Produce the same data once more, line for line.

(Saved entries)
++++++++++++++++++++
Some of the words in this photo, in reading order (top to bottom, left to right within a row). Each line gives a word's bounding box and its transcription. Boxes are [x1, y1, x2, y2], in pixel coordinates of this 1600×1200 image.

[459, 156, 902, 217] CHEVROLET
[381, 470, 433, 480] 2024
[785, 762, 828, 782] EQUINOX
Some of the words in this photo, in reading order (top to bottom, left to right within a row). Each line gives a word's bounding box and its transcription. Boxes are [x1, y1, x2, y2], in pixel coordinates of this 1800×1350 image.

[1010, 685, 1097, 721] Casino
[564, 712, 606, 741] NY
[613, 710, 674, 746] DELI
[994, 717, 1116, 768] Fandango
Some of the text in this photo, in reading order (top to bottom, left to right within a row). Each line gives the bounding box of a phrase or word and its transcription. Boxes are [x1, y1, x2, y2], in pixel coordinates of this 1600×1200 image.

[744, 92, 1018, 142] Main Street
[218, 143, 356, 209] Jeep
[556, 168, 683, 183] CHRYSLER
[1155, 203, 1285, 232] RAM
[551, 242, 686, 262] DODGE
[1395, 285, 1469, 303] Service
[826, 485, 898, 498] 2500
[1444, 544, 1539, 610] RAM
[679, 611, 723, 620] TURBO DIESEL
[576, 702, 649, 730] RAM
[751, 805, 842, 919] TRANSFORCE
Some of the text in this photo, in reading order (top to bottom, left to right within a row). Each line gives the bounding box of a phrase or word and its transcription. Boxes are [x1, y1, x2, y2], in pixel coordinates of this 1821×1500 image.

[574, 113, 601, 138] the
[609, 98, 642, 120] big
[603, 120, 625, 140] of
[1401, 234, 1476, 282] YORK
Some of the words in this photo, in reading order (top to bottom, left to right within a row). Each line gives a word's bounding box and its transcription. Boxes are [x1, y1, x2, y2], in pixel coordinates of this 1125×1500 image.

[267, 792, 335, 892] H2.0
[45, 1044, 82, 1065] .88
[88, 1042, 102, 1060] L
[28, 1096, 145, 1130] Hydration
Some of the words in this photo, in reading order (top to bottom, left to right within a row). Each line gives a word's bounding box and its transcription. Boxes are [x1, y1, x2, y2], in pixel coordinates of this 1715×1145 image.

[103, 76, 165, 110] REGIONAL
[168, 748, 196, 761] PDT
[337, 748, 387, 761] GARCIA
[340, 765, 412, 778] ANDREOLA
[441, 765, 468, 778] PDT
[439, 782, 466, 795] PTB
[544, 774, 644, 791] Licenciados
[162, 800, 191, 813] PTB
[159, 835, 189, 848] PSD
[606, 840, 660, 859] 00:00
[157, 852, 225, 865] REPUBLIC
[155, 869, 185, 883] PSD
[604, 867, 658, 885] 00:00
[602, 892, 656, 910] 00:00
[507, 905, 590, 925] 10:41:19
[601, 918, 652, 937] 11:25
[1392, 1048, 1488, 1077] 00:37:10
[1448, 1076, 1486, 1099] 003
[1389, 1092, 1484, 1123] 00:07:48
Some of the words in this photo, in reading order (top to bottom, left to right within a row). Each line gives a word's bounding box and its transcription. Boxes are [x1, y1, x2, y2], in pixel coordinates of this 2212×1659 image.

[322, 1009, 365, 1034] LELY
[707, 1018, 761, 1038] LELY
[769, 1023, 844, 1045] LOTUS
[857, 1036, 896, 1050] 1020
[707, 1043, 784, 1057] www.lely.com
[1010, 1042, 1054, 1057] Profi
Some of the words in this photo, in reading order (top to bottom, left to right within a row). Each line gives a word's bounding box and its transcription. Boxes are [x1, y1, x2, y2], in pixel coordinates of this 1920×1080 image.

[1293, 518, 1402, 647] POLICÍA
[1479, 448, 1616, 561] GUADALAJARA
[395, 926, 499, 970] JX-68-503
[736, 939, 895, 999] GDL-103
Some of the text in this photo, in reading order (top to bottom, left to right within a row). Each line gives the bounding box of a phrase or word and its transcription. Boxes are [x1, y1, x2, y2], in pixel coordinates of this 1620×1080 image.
++++++++++++++++++++
• [ANSWER SECTION]
Some of the words in this photo, in reading order (top to bottom, left to right within a row). Each line gives a word's bounding box and its transcription. Boxes are [x1, y1, x2, y2], in pixel coordinates of this 1600×1200 image.

[459, 156, 902, 217] CHEVROLET
[381, 470, 433, 480] 2024
[785, 762, 828, 782] EQUINOX
Some of the words in this photo, in reading order (top to bottom, left to right within a row). Each line gives a word's bounding box and its transcription. Boxes are [x1, y1, x2, y2], in pixel coordinates of this 1800×1350 image.

[1010, 685, 1097, 721] Casino
[564, 712, 606, 741] NY
[613, 710, 674, 746] DELI
[994, 717, 1116, 768] Fandango
Some of the text in this photo, in reading order (top to bottom, left to right within a row). Each line gives the bounding box of a phrase or word and its transcription. Boxes are [x1, y1, x2, y2], in pixel coordinates of this 1600×1200 image.

[744, 92, 1018, 142] Main Street
[218, 143, 356, 209] Jeep
[556, 168, 683, 183] CHRYSLER
[1155, 203, 1285, 232] RAM
[551, 242, 686, 262] DODGE
[1395, 285, 1469, 303] Service
[826, 485, 898, 498] 2500
[1444, 544, 1539, 610] RAM
[679, 611, 723, 620] TURBO DIESEL
[576, 702, 649, 730] RAM
[751, 805, 842, 919] TRANSFORCE
Some of the text in this photo, in reading order (top to bottom, left to right within a row). Each line gives the bounding box of a phrase or word and its transcription. Boxes are [x1, y1, x2, y2], in pixel coordinates of this 1821×1500 image.

[574, 113, 601, 138] the
[609, 98, 642, 120] big
[603, 120, 625, 140] of
[1401, 234, 1476, 282] YORK
Some of the words in this photo, in reading order (top to bottom, left to right within a row). Each line gives a word's bounding box and its transcription. Boxes are [x1, y1, x2, y2], in pixel coordinates of this 1125×1500 image.

[267, 792, 335, 892] H2.0
[45, 1044, 82, 1065] .88
[88, 1042, 102, 1060] L
[28, 1096, 145, 1130] Hydration
Some of the words in this photo, in reading order (top to bottom, left to right within a row). Each line gives a word's bounding box and its transcription. Boxes are [x1, y1, x2, y2], in pixel coordinates of this 1715×1145 image.

[103, 76, 165, 110] REGIONAL
[168, 748, 196, 761] PDT
[337, 748, 387, 761] GARCIA
[340, 765, 412, 778] ANDREOLA
[441, 765, 468, 778] PDT
[439, 782, 466, 795] PTB
[544, 774, 644, 791] Licenciados
[162, 800, 191, 813] PTB
[159, 835, 189, 848] PSD
[606, 840, 660, 859] 00:00
[157, 852, 225, 865] REPUBLIC
[155, 869, 185, 883] PSD
[604, 867, 658, 885] 00:00
[602, 892, 656, 910] 00:00
[507, 905, 590, 925] 10:41:19
[601, 918, 652, 937] 11:25
[1392, 1048, 1488, 1077] 00:37:10
[1448, 1076, 1486, 1099] 003
[1389, 1092, 1484, 1123] 00:07:48
Some of the words in this photo, in reading order (top to bottom, left to right within a row). Each line gives a word's bounding box and its transcription. Boxes are [x1, y1, x2, y2], in pixel coordinates of this 2212×1659 image.

[322, 1009, 365, 1034] LELY
[707, 1018, 761, 1038] LELY
[769, 1023, 844, 1045] LOTUS
[857, 1036, 896, 1050] 1020
[707, 1043, 784, 1057] www.lely.com
[1010, 1042, 1054, 1057] Profi
Some of the words in this photo, in reading order (top to bottom, left to right within a row). Each line gives a word's bounding box and its transcription. Boxes are [x1, y1, x2, y2], in pixel coordinates of this 1920×1080 image.

[1293, 518, 1402, 647] POLICÍA
[1479, 448, 1616, 561] GUADALAJARA
[395, 926, 499, 970] JX-68-503
[736, 939, 895, 999] GDL-103
Some of the text in this photo, in reading order (top to bottom, left to right within a row). Each line gives the bounding box of a phrase or word and its transcription. Boxes are [x1, y1, x2, y2], in pixel coordinates of this 1620×1080 image.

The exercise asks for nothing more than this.